__PROBLEM TO WORK ON__. Omit the images and return the remaining entries unchanged.

__AVAILABLE DATA__.

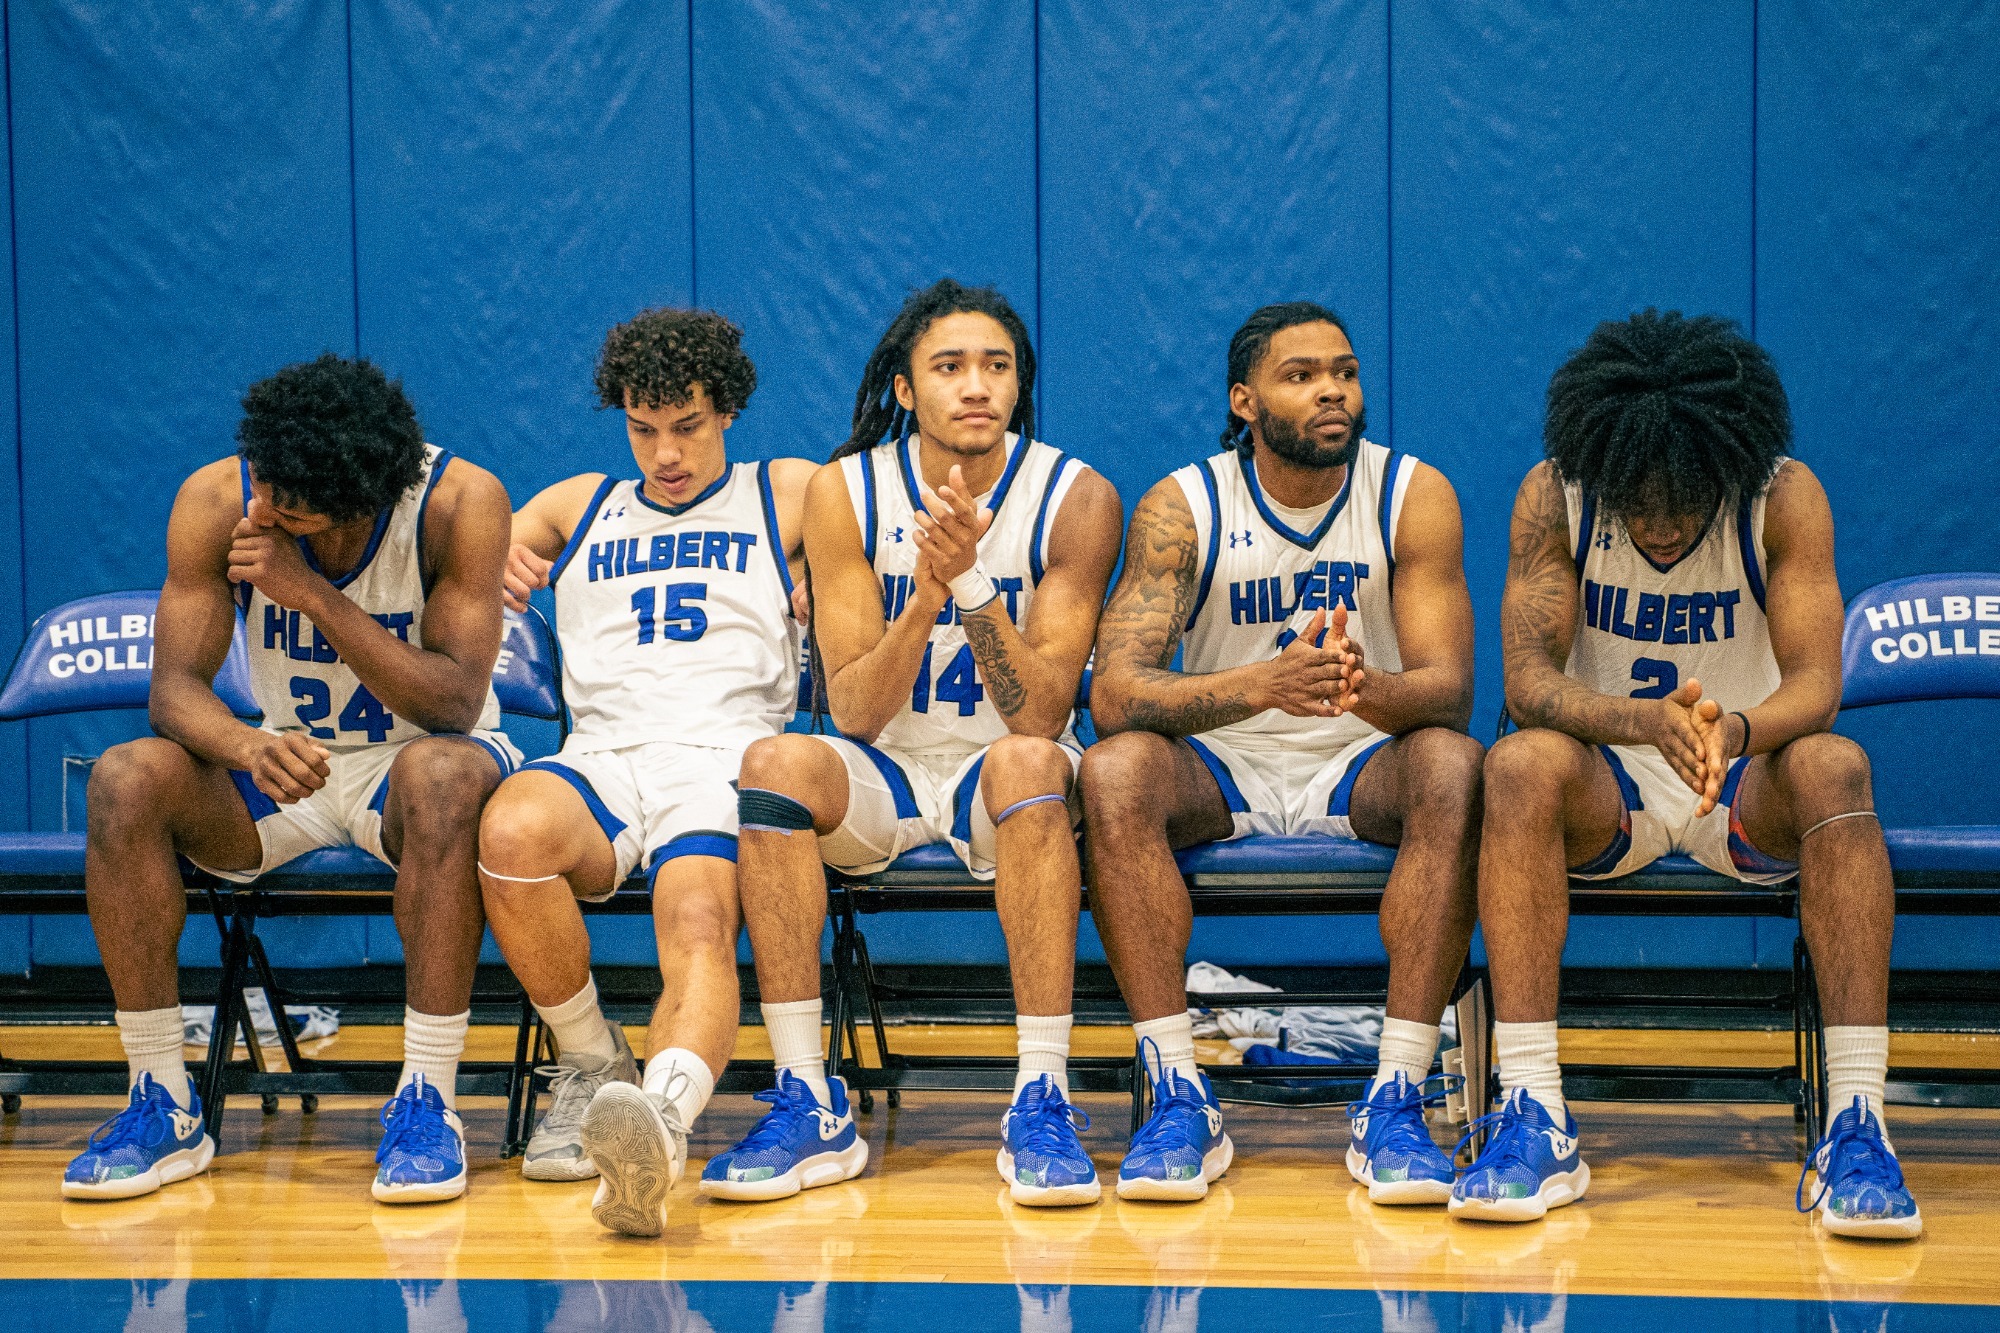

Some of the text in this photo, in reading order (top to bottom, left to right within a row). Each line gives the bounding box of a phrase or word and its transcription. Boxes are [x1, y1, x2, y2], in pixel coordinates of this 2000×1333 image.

[588, 531, 757, 582] HILBERT
[49, 614, 155, 648] HILB
[631, 582, 708, 645] 15
[48, 645, 153, 678] COLL
[912, 641, 983, 717] 14
[1629, 657, 1678, 699] 2
[289, 675, 394, 742] 24

__ANSWER SPACE__.
Some of the text in this photo, in reading order (top to bottom, left to right within a row). Each line gives the bounding box of a phrase or word and its transcription. Boxes are [x1, y1, x2, y2], in pixel coordinates of this 2000×1333 image.

[588, 531, 757, 582] HILBERT
[49, 614, 155, 648] HILB
[631, 582, 708, 645] 15
[48, 645, 153, 678] COLL
[912, 641, 983, 717] 14
[1629, 657, 1678, 699] 2
[289, 675, 394, 742] 24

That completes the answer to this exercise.